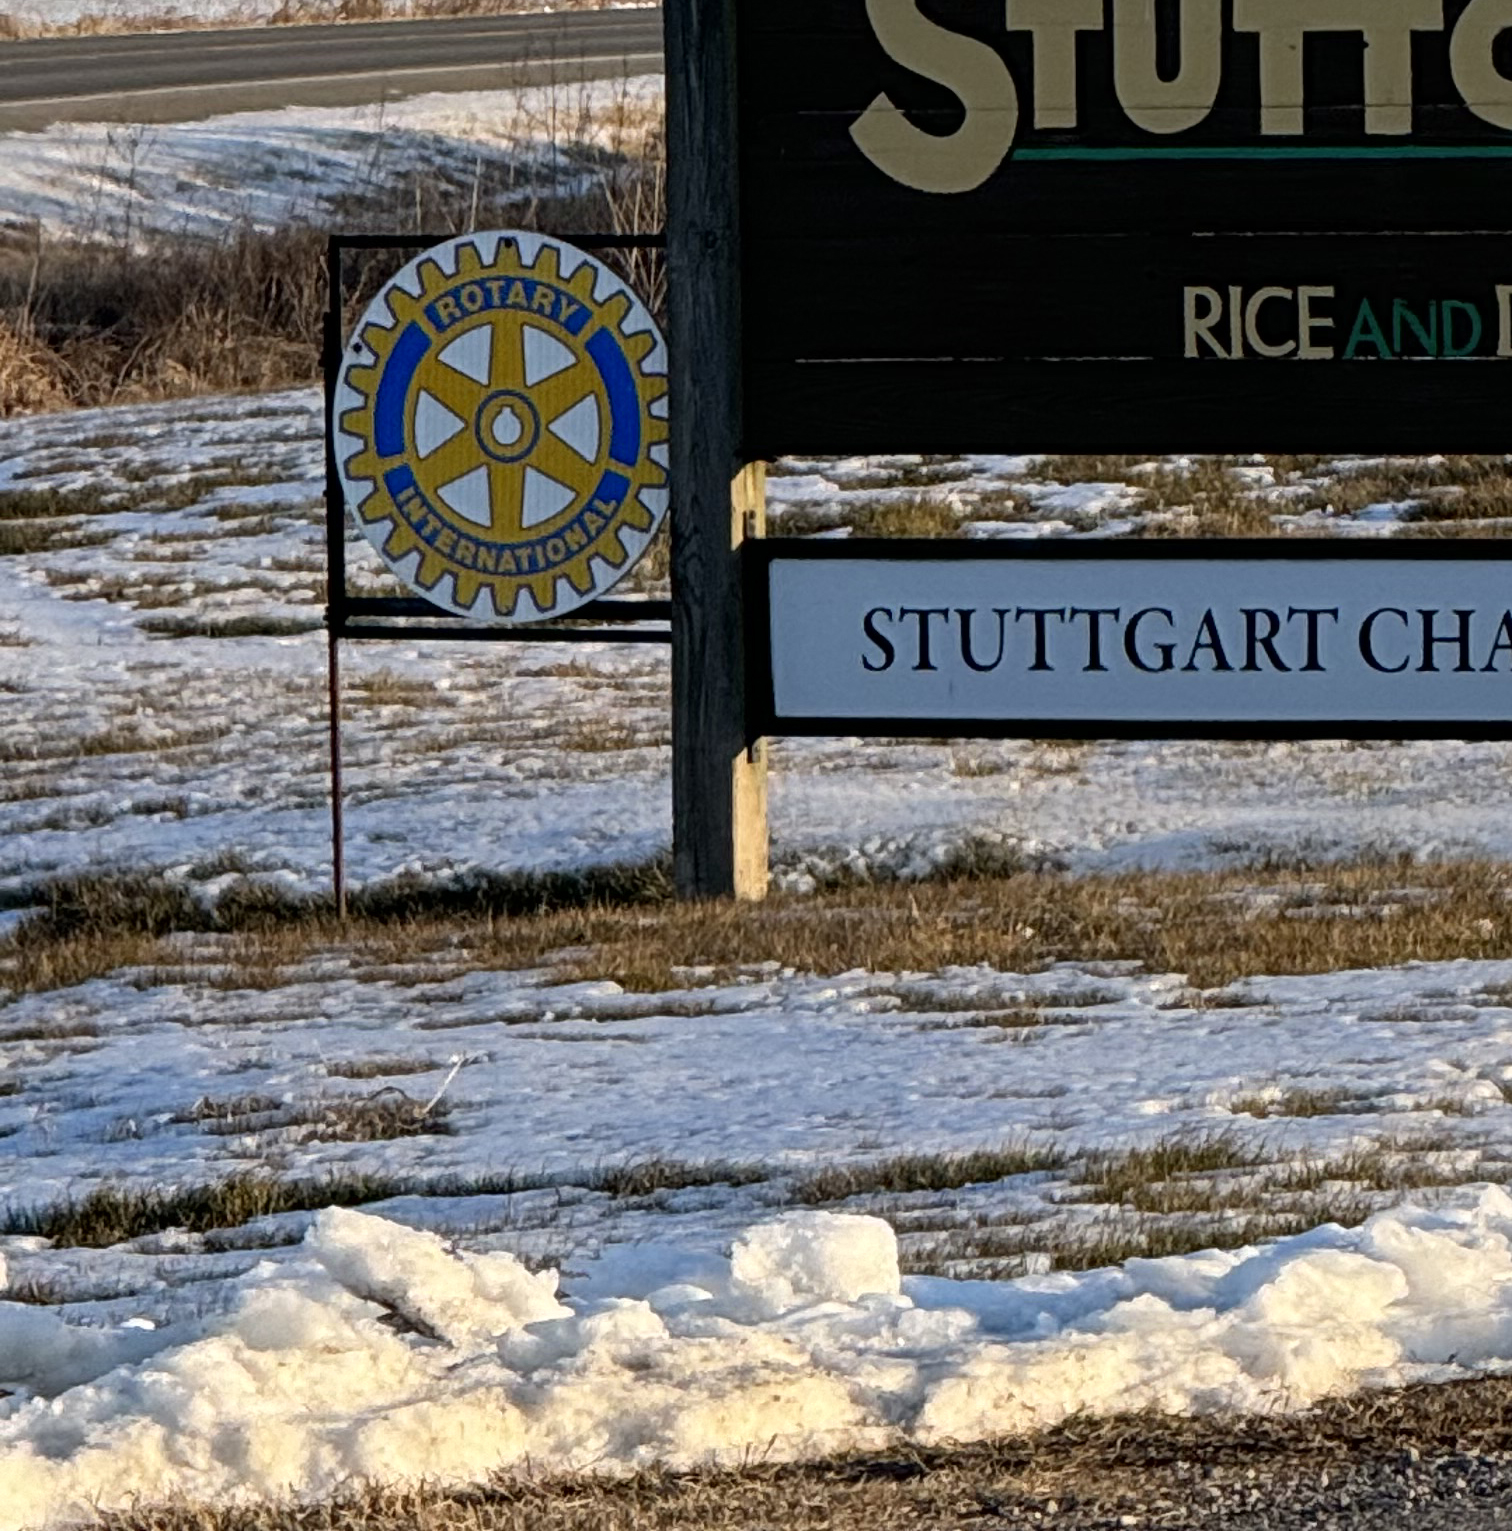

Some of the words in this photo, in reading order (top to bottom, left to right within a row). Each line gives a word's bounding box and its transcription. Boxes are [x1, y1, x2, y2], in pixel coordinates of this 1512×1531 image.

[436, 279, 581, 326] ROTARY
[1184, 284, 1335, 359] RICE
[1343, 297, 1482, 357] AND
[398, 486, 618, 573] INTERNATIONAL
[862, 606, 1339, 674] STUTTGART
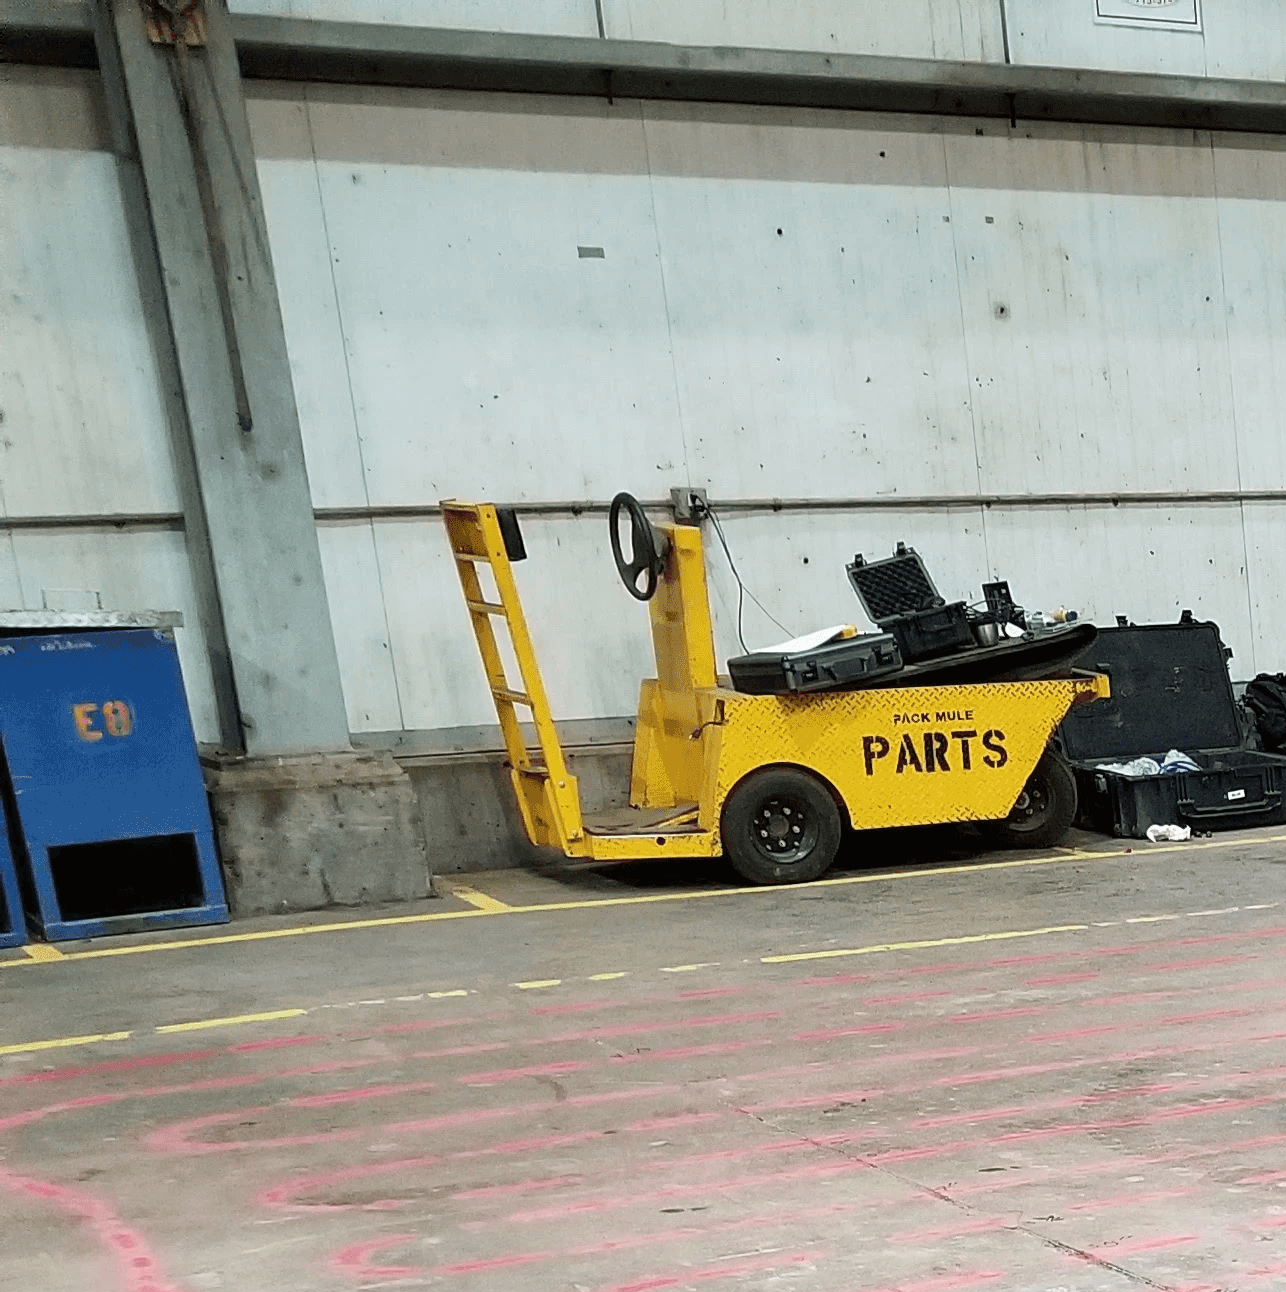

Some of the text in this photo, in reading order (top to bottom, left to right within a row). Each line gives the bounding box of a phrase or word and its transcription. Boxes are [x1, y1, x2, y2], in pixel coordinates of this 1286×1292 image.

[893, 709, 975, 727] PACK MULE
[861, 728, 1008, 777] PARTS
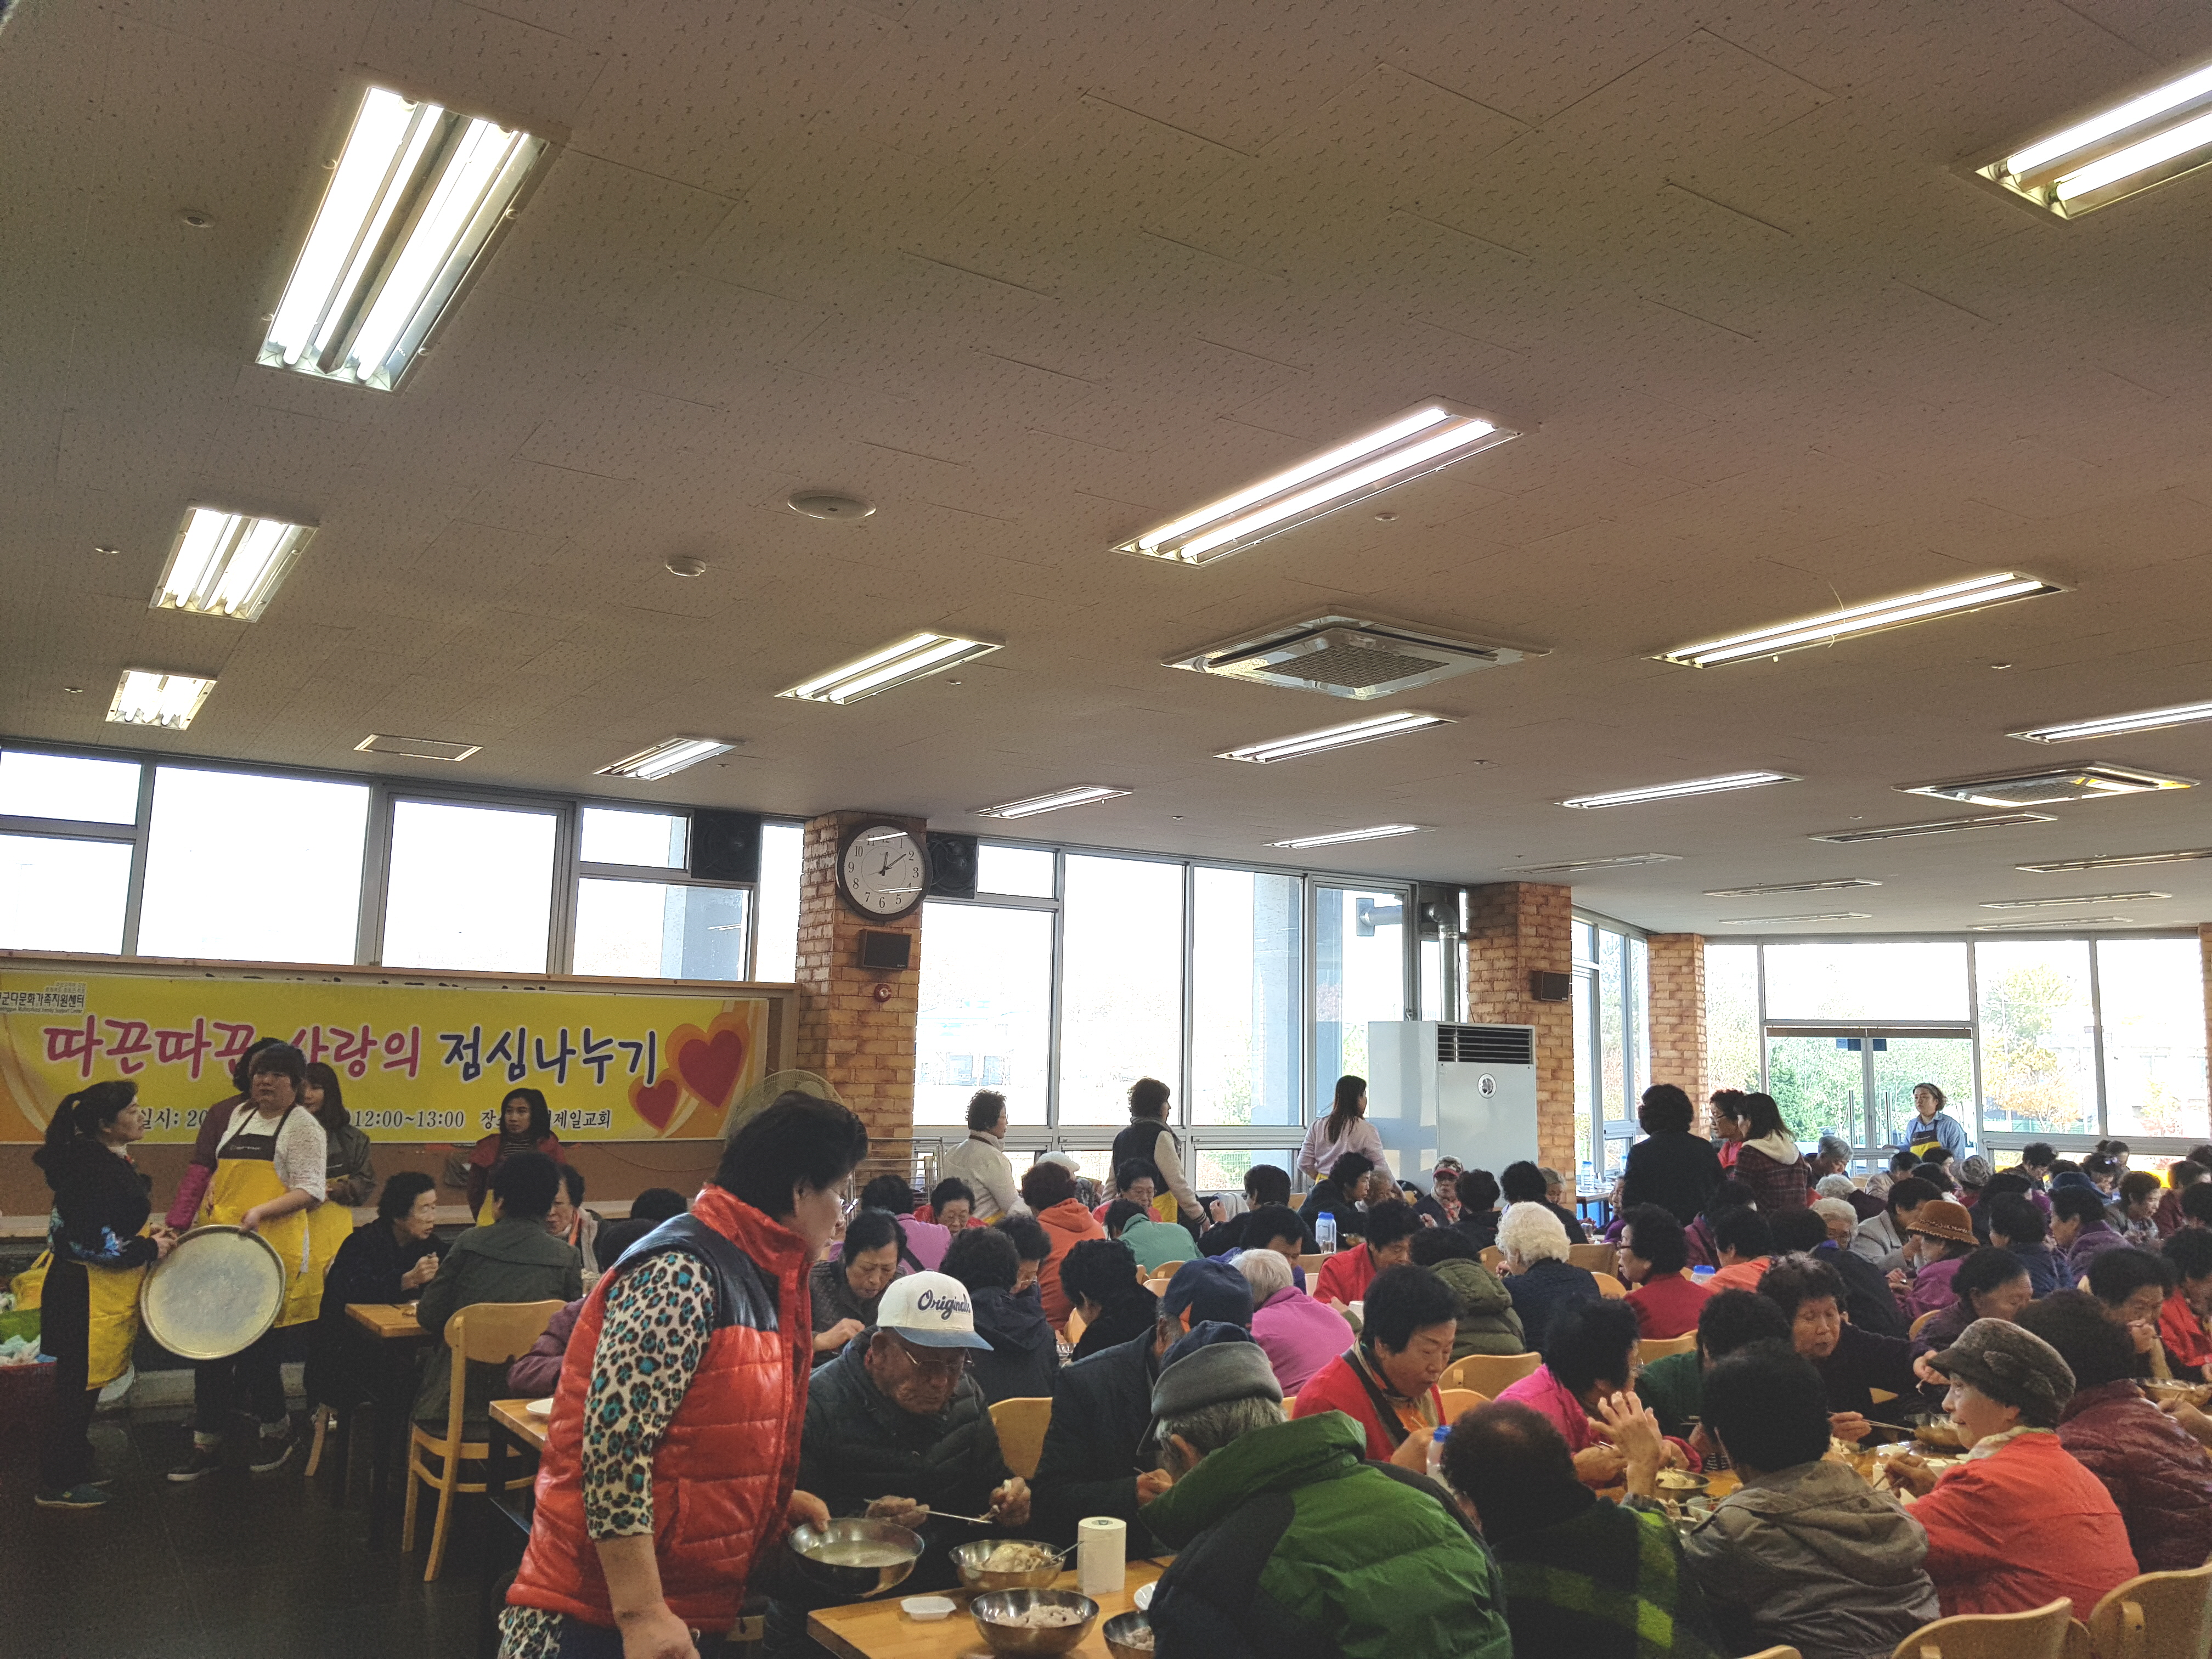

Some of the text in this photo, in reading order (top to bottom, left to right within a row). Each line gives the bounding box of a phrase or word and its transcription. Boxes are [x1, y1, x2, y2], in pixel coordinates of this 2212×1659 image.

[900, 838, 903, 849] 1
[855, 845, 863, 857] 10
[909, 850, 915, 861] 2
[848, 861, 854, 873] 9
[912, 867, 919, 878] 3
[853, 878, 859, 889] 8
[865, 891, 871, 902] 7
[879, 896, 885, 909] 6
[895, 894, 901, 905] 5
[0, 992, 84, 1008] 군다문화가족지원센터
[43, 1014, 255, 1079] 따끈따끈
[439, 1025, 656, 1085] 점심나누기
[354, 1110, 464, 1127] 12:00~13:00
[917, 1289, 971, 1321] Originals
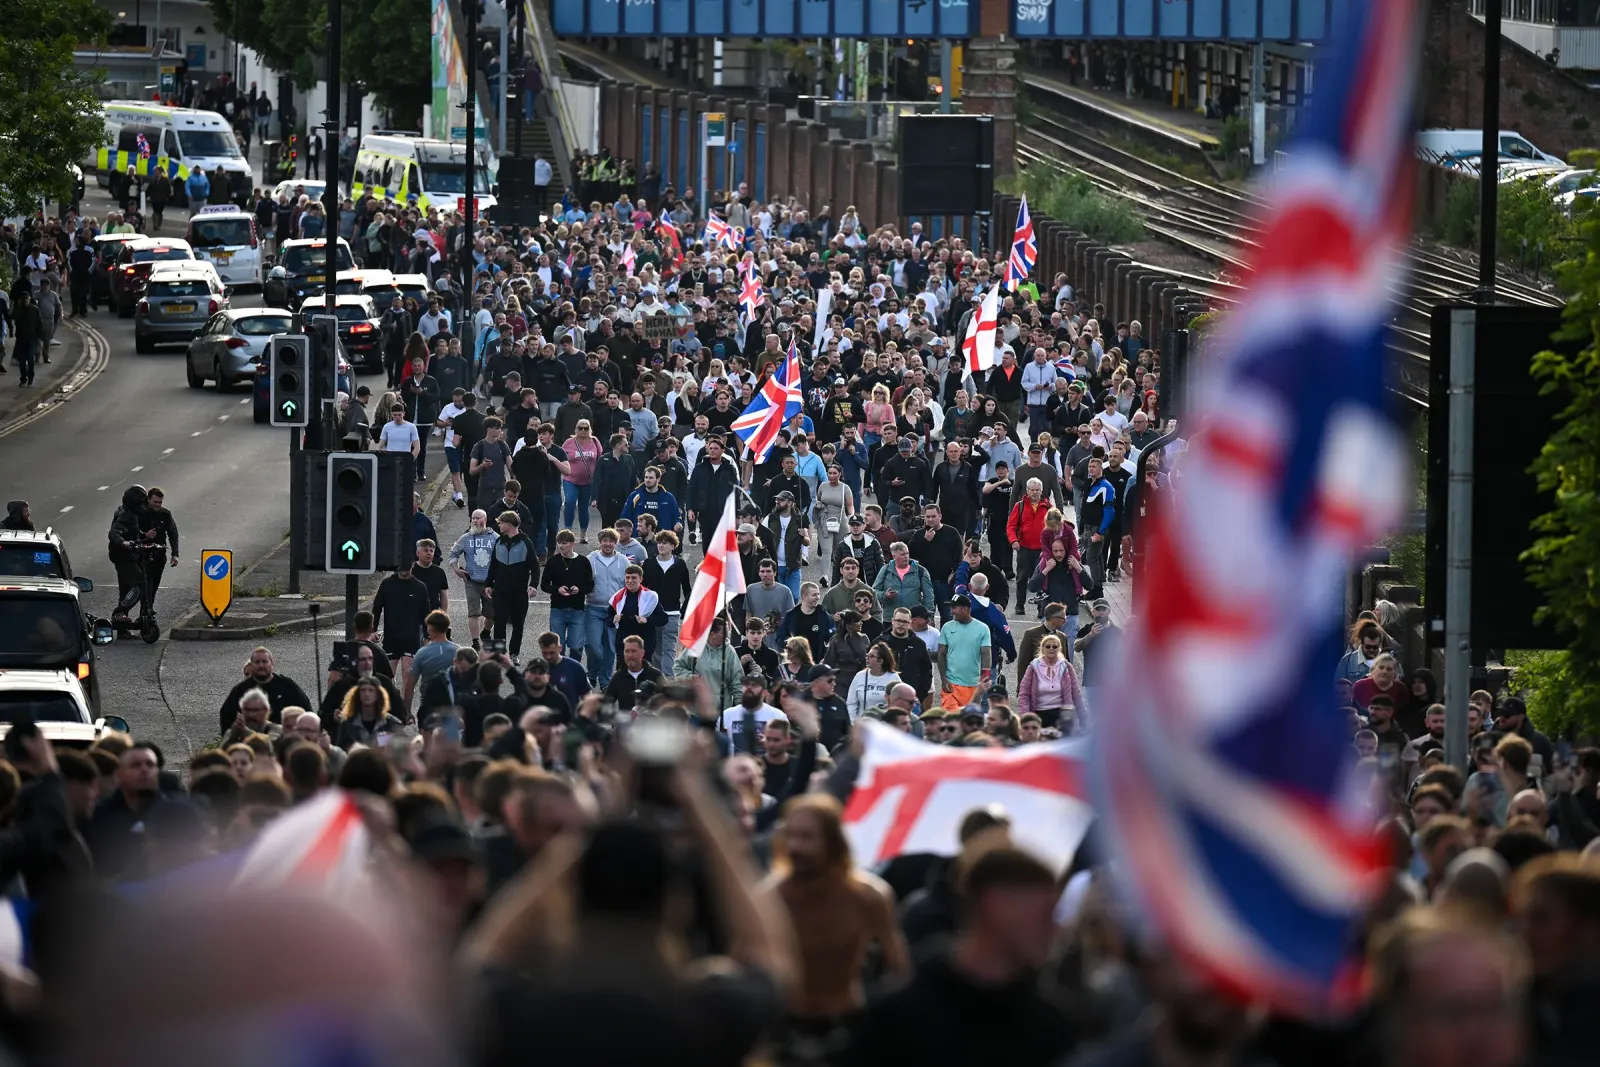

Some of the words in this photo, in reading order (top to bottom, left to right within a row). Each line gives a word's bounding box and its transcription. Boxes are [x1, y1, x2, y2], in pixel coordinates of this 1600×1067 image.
=======
◆ WHAT YOU WILL DO ◆
Nothing but the lines from the one holding "this 1286×1292 image." to the end of the entries above should be echoed, exactly and with both ends included; omit the pictures.

◆ TASK SOLUTION ◆
Some of the text in this photo, in reading order (top to bottom, left to right within a row). Each line gives the bounding box of a phrase or word and its transcription. Boxes are [x1, y1, x2, y2], in pixel coordinates of this 1286×1292 image.

[893, 709, 975, 727] PACK MULE
[861, 728, 1008, 777] PARTS

Some of the text in this photo, in reading order (top to bottom, left to right within a row). Each line gives the bounding box of a phrase or word and its transcription. Boxes are [x1, y1, x2, y2], in pixel coordinates of this 2212×1659 image.

[900, 838, 903, 849] 1
[855, 845, 863, 857] 10
[909, 850, 915, 861] 2
[848, 861, 854, 873] 9
[912, 867, 919, 878] 3
[853, 878, 859, 889] 8
[865, 891, 871, 902] 7
[879, 896, 885, 909] 6
[895, 894, 901, 905] 5
[0, 992, 84, 1008] 군다문화가족지원센터
[43, 1014, 255, 1079] 따끈따끈
[439, 1025, 656, 1085] 점심나누기
[354, 1110, 464, 1127] 12:00~13:00
[917, 1289, 971, 1321] Originals

Some of the words in this photo, in reading order (top to bottom, left to right within a row). Each line gives a word's bounding box and its transcription. Boxes are [x1, y1, x2, y2], in pixel coordinates of this 1600×1067 image.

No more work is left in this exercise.